2. Function Constructor (Legacy)

function ListNode(val, next = null) {
  this.val = val;
  this.next = next;
}

Best for: backward compatibility with pre-ES6 code. Rare in new projects.

3. Factory Function (Functional)

const createListNode = (val, next = null) => ({ val, next });

Best for: React/FP codebases. Simple, no new or this.

4. TypeScript Factory (Typed FP)

type ListNode = { val: number; next: ListNode | null };
const createListNode = (
  val: number,
  next: ListNode | null = null
): ListNode => ({ val, next });

Best for: professional React/TS apps.

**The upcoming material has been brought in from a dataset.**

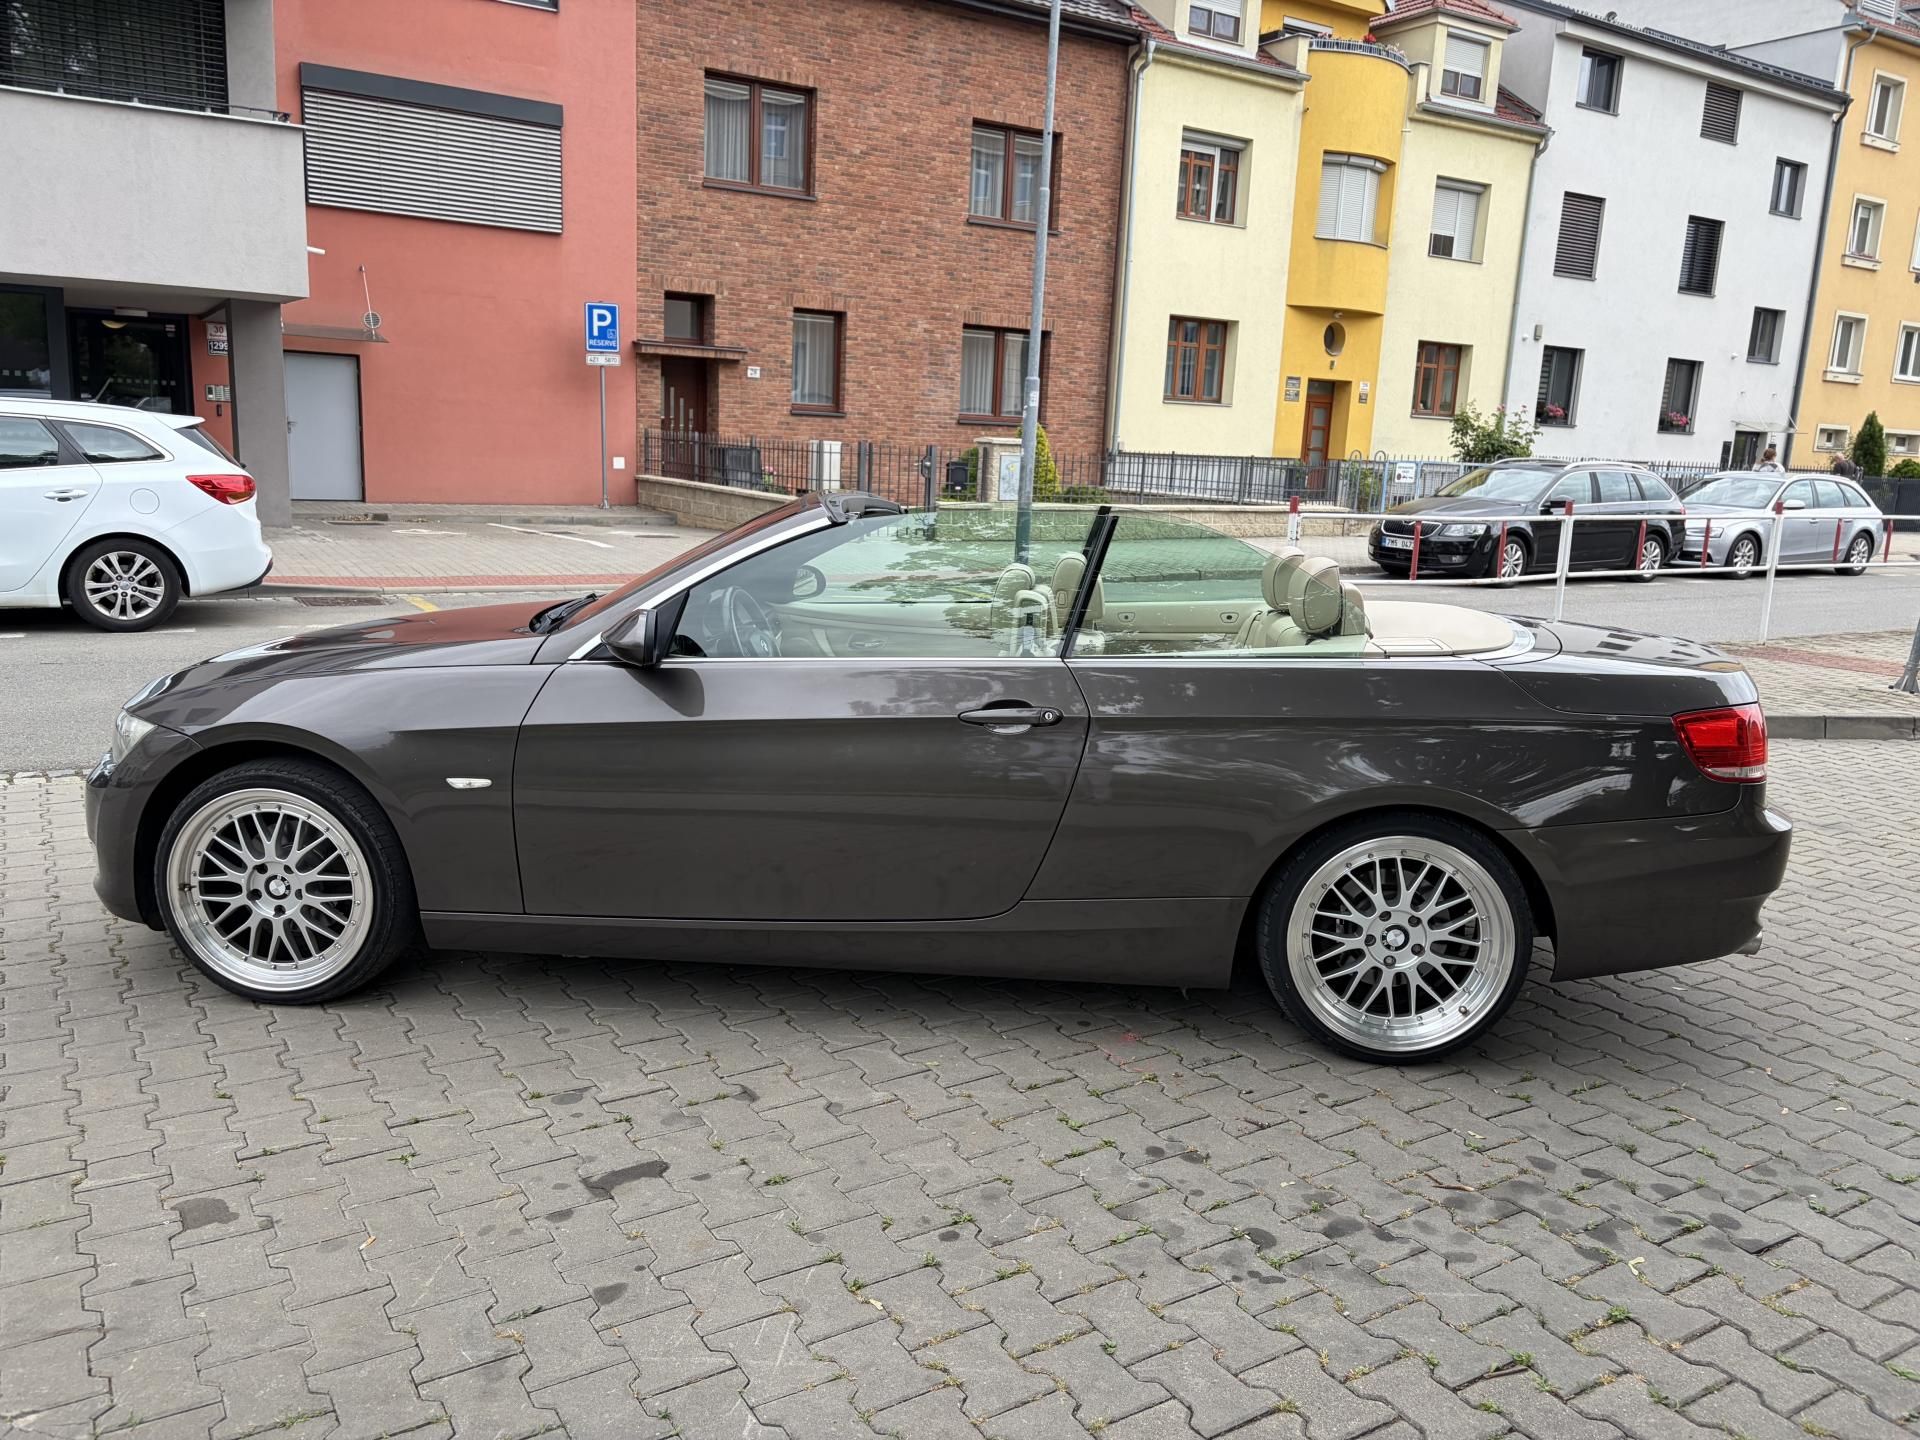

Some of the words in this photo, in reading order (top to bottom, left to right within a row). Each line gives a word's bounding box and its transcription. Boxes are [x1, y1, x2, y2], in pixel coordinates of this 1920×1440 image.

[593, 308, 612, 336] P
[214, 325, 224, 334] 30
[210, 341, 229, 350] 1299

Type-safe, ergonomic, functional.

Decision Matrix

Scenario	Choose	Why
LeetCode/interviews	Class	Matches expected template
Legacy pre-ES6 code	Function constructor	Backward compatibility
Modern JS apps	Factory	Plain data, no `new` complexity
React/TypeScript apps	TypeScript factory	Type safety + functional style

Essential Utilities

Most algorithms only need { val, next }. You can mix and match styles if you keep that shape.

Build from array:

const fromArray = (arr) => {
  let dummy = createListNode(0);
  let curr = dummy;
  for (const x of arr) {
    curr.next = createListNode(x);
    curr = curr.next;
  }
  return dummy.next;
};

Convert to array:

const toArray = (head) => {
  const result = [];
  for (let node = head; node; node = node.next) {
    result.push(node.val);
  }
  return result;
};

Common Algorithms

These work with any implementation style since they only use .val and .next.

Reverse a linked list:

const reverseList = (head) => {
  let prev = null;
  let curr = head;
  
  while (curr) {
    const next = curr.next;
    curr.next = prev;
    prev = curr;
    curr = next;
  }
  
  return prev;
};

Merge two sorted lists:

const mergeTwoLists = (l1, l2) => {
  const dummy = { val: 0, next: null };
  let tail = dummy;
  
  while (l1 && l2) {
    if (l1.val <= l2.val) {
      tail.next = l1;
      l1 = l1.next;
    } else {
      tail.next = l2;
      l2 = l2.next;
    }
    tail = tail.next;
  }
  
  tail.next = l1 || l2;
  return dummy.next;
};

Best Practices & Pitfalls

✅ Always provide defaults: Use next = null parameter defaults
✅ Remember new: Forgetting new with classes causes runtime errors
✅ Keep shape consistent: Maintain { val, next } structure for performance
✅ Prefer iteration: Avoid recursion to prevent call stack overflow
✅ Consider immutability: In production FP code, treat nodes as immutable

Reference Implementations

Class-Based Utilities

function fromArrayClass(arr) {
  let dummy = new ListNode(0);
  let curr = dummy;
  for (const x of arr) {
    curr.next = new ListNode(x);
    curr = curr.next;
  }
  return dummy.next;
}
 
function toArrayClass(head) {
  const result = [];
  let curr = head;
  while (curr) {
    result.push(curr.val);
    curr = curr.next;
  }
  return result;
}

TypeScript Generic Helpers

type ListNode<T> = { val: T; next: ListNode<T> | null };
 
const fromArrayGeneric = <T>(arr: T[]): ListNode<T> | null => {
  if (!arr.length) return null;
  
  let head: ListNode<T> | null = null;
  let tail: ListNode<T> | null = null;
  
  for (const val of arr) {
    const node: ListNode<T> = { val, next: null };
    if (!head) {
      head = tail = node;
    } else {
      tail!.next = node;
      tail = node;
    }
  }
  
  return head;
};
 
const toArrayGeneric = <T>(head: ListNode<T> | null): T[] => {
  const result: T[] = [];
  for (let node = head; node; node = node.next) {
    result.push(node.val);
  }
  return result;
};

Append Helper

function append(head, val, createNode = createListNode) {
  if (!head) return createNode(val);
  
  let current = head;
  while (current.next) current = current.next;
  current.next = createNode(val);
  
  return head;
}

Summary

Algorithms/interviews: Use class-based ListNode
Modern JS/React: Use factory functions
Professional TypeScript apps: Use typed factories

Key insight: The implementation style doesn't matter as long as nodes have the shape { val, next }. Choose what fits your context and team preferences.